🤖 AI Summary
To address accuracy loss in community detection for continuous-time dynamic networks caused by temporal discretization, this paper proposes a continuous-time community evolution modeling framework based on Longitudinal Modularity (L-modularity) and introduces the greedy optimization algorithm LAGO. Unlike conventional approaches relying on time slicing, LAGO operates directly at the event-level temporal granularity, enabling non-rigid, fine-grained evolution of node community memberships. L-modularity uniquely unifies temporal continuity with modularity optimization, permitting precise identification of the exact timestamps when nodes join or leave communities. Experiments on synthetic and real-world datasets demonstrate that LAGO significantly improves both temporal resolution and community detection accuracy, while preserving topological consistency and temporal fidelity.
📝 Abstract
Community detection is a fundamental problem in network analysis, with many applications in various fields. Extending community detection to the temporal setting with exact temporal accuracy, as required by real-world dynamic data, necessitates methods specifically adapted to the temporal nature of interactions.
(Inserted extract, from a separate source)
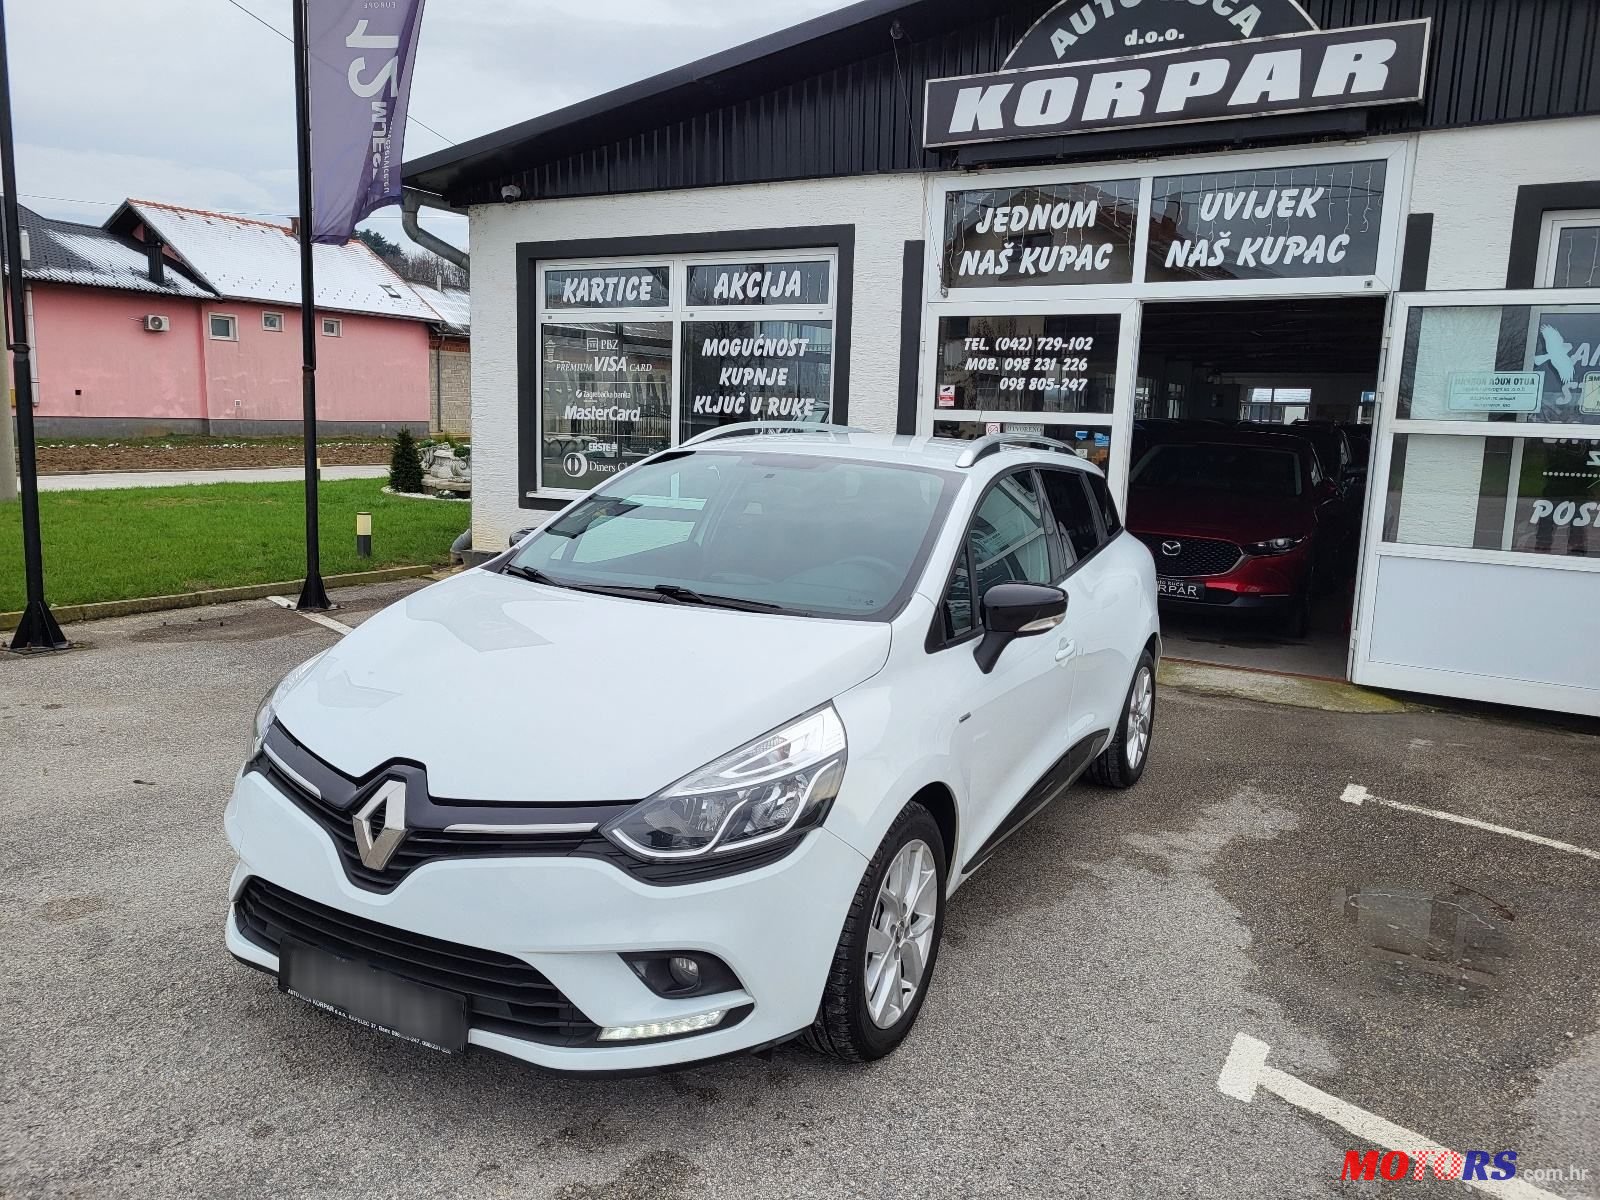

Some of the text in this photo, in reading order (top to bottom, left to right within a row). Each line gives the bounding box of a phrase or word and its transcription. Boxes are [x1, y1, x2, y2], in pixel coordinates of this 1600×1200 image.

We introduce LAGO, a novel method for uncovering dynamic communities by greedy optimization of Longitudinal Modularity, a specific adaptation of Modularity for continuous-time networks. Unlike prior approaches that rely on time discretization or assume rigid community evolution, LAGO captures the precise moments when nodes enter and exit communities. We evaluate LAGO on synthetic benchmarks and real-world datasets, demonstrating its ability to efficiently uncover temporally and topologically coherent communities.